マイヤーレモンはレモン類とマンダリン類の自然交雑種と推測されている品種で、酸味が少なく甘みがある。病気を防ぐなら、と丸かじりしたくなる。
健康のために何を食べる?
選択肢を広げる研究。
さらに三宅教授は、研究の面白さはその先に無限の可能性があるからだと語る。
「新しい成分が発見されれば、それが何かの病気に効く薬や健康食品に使われるかもしれないし、美肌に導く化粧品の原料になるかもしれない。基礎研究の成果を論文として世に出し、応用研究をする人へバトンをつなぐ、という経験を、学生にもしてもらいたいというのが私の願いです」。
基礎研究とは、三宅教授のように素材から新規成分を見つけるような研究を指し、応用研究とは、その成分を何に利用すると良いのか、どう調理・加工すると良いのか、というような実用化に向けた研究を指す。愛知淑徳大学では、グループで研究をしても卒業論文は一人ずつ書き上げるというのが通例だ。三宅研究室には、「お茶に含まれるカテキンの研究がしたい」「大豆のイソフラボンについて調べたい」などさまざまな興味を持つ学生が集まってきている。
「私の研究に則して、ビタミンCやクエン酸に興味があるという学生もいますが、どんな興味対象でも大歓迎です。また、私のもう一つの研究軸として、発酵や醸造も扱っています。発酵技術を用いて新たな成分をつくったり、その機能を調べて食品開発につなげたり。私が企業の研究所でレモンの搾取かすやコーヒーかすなどの食品廃棄物の再利用を研究していたように、フードロスや輸入食材の増加など社会問題にも目を向けたテーマも意義があると思います。どんなテーマでも、長年の経験を生かして学生の研究をサポートしますよ」。

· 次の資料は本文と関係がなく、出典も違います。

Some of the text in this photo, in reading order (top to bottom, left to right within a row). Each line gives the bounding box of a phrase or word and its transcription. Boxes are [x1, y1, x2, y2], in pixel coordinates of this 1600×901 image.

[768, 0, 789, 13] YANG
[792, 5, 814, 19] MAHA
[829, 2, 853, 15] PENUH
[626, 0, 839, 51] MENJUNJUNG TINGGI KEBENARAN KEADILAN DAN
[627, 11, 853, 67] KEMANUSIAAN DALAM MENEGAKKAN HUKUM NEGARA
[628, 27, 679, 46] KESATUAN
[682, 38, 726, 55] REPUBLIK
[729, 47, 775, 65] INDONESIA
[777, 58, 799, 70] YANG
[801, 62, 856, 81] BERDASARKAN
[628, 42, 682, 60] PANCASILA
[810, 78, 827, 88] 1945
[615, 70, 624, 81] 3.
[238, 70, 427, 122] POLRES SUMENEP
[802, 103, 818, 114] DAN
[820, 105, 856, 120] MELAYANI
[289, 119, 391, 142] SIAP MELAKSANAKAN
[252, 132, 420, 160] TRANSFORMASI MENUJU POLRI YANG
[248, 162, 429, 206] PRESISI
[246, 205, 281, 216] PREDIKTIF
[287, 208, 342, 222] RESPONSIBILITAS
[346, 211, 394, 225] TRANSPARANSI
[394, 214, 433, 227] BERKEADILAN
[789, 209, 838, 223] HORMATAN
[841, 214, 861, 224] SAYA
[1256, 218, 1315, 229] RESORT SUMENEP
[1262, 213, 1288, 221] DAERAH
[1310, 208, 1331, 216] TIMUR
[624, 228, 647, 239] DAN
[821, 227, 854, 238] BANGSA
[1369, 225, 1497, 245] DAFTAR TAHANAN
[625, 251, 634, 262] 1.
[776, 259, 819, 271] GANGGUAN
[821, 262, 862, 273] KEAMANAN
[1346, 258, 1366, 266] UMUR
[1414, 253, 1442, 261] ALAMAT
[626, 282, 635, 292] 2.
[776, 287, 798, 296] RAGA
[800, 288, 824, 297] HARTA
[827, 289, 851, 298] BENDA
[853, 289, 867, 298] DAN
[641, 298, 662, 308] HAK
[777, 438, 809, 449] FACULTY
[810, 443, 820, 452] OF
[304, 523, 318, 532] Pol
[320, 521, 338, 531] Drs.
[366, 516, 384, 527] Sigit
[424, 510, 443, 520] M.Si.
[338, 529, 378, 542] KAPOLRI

食品が持つ力は、まだまだ未知なところも多い。研究によって新規成分が見つかることは、私たちのより豊かな生活につながる。私たちの体は“食べる”ことで保たれている。では何を食べるか?——その選択を決める一端を担う新たな研究が、この三宅研究室から生まれるかもしれない。
三宅 義明教授食健康科学部 学部長
Profile
三重大学大学院農学研究科農芸化学専攻修士課程修了、名古屋大学大学院生命農学研究科にて博士(農学)の学位を取得。(株)ポッカコーポレーション中央研究所で食品機能性成分や食品廃棄物再利用の研究に従事した後、大学教員に。趣味は、500平米ほどある畑での家庭菜園。35~40種類の野菜や果物を栽培し、採れたてを家族で食べるのが楽しみ。調理は主に奥様で、三宅教授はサラダ担当。